Reputation: 2392
I'm using HaXml to transform a XML file and it's all quite working nicely. However the output HaXml generates looks really ugly, mainly because it inserts a linebreak at almost every closing bracket. Here's some code that generates a xml:
writeFile outPath (show . PP.content . head $ test (docContent (posInNewCxt "" Nothing) (xmlParse "" "")))
test =
mkElemAttr "test" [("a", literal "1"), ("b", literal "2")]
[
mkElem "nested" []
]
and here's the output it generates:
<test a="1" b="2"
><nested/></test>
Of course it is worse with more elements.
I know that HaXml uses Text.PrettyPrint.HughesPJ for rendering, but using different styles didn't change much.
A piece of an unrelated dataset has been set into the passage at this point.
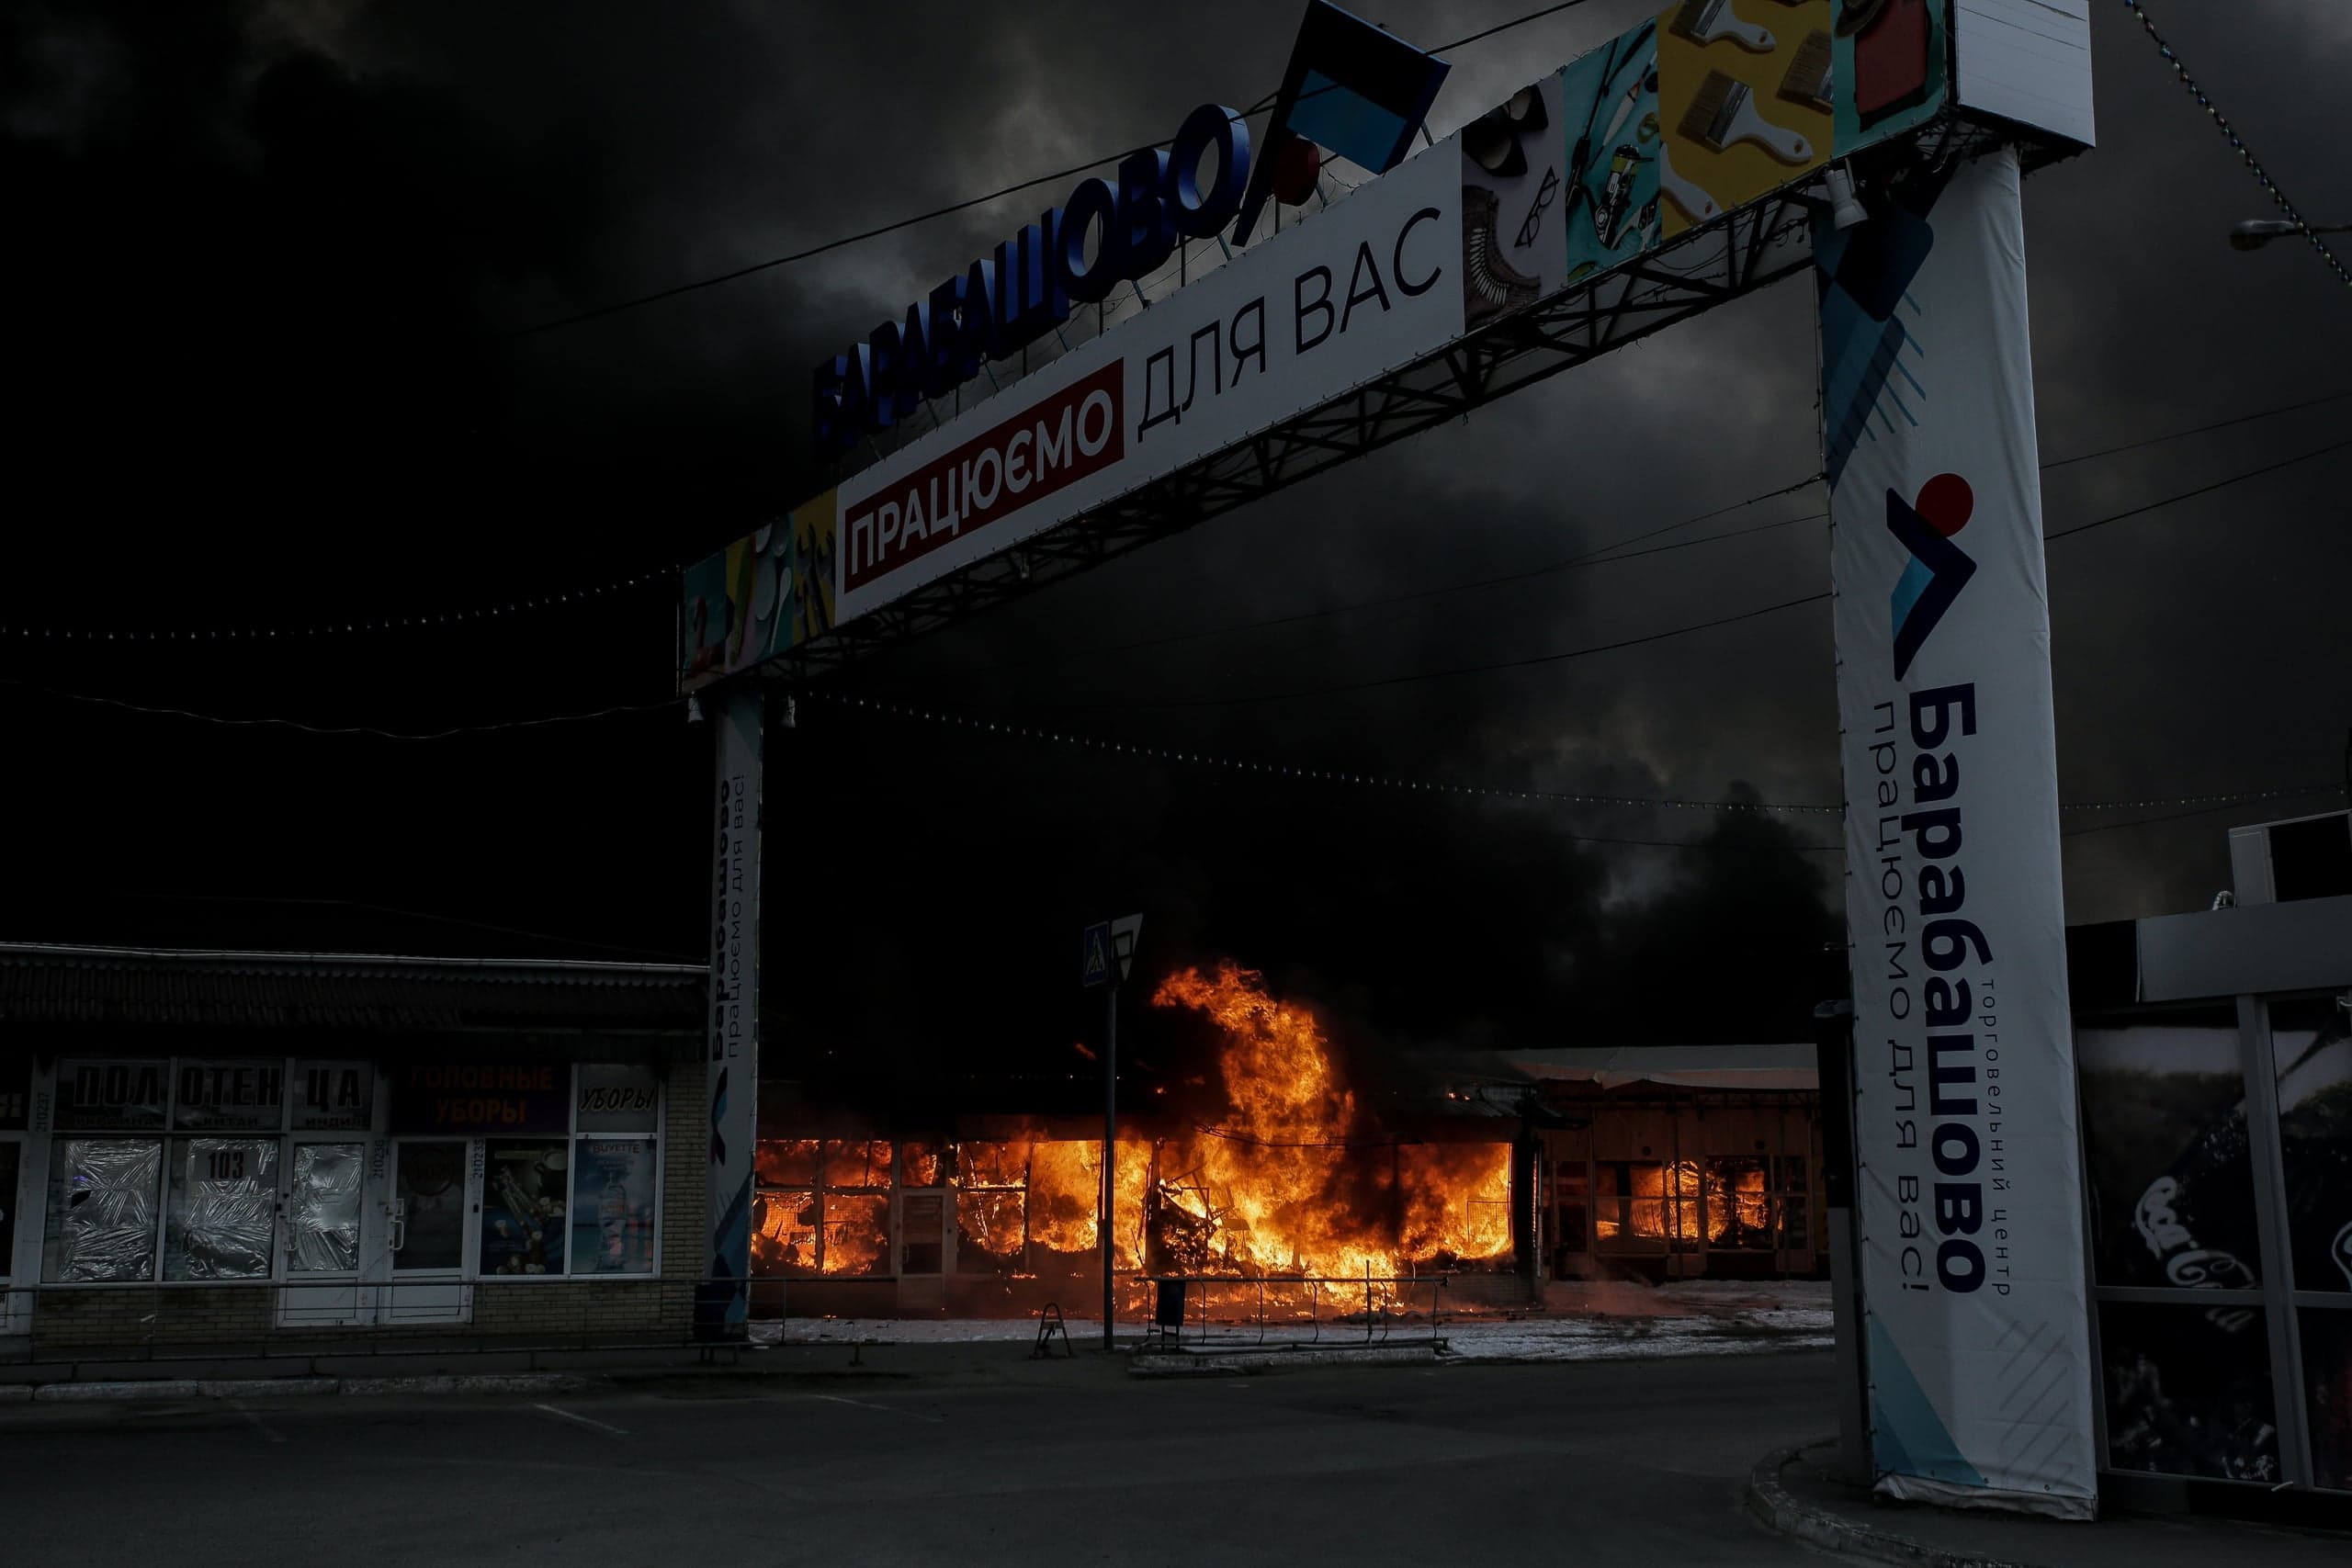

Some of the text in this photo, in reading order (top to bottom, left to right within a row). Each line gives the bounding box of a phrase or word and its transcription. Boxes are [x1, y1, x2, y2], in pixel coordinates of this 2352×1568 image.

So, is there a way to change the output?
Upvotes: 3
Views: 508
Reputation: 137947
Replacing you call to show
with Text.PrettyPrint.renderStyle
you can get a few different behaviors:
import Text.XML.HaXml
import Text.XML.HaXml.Util
import Text.XML.HaXml.Posn
import qualified Text.XML.HaXml.Pretty as PP
import Text.PrettyPrint
main = writeFile "/tmp/x.xml" (renderStyle s . PP.content
. head $
test (docContent (posInNewCxt "" Nothing) (xmlParse "" "")))
where
s = style { mode = LeftMode, lineLength = 2 }
test =
mkElemAttr "test" [("a", literal "1"), ("b", literal "2")]
[
mkElem "nested" []
]
Experimenting with different out-of-the-box styles:
Default style
<test a="1" b="2"
><nested/></test>
style { mode = OneLineMode }
<test a="1" b="2" ><nested/></test>
style { mode = LeftMode, lineLength = 2 }
<test a="1"
b="2"
><nested/></test>
So you can certainly do a few different things.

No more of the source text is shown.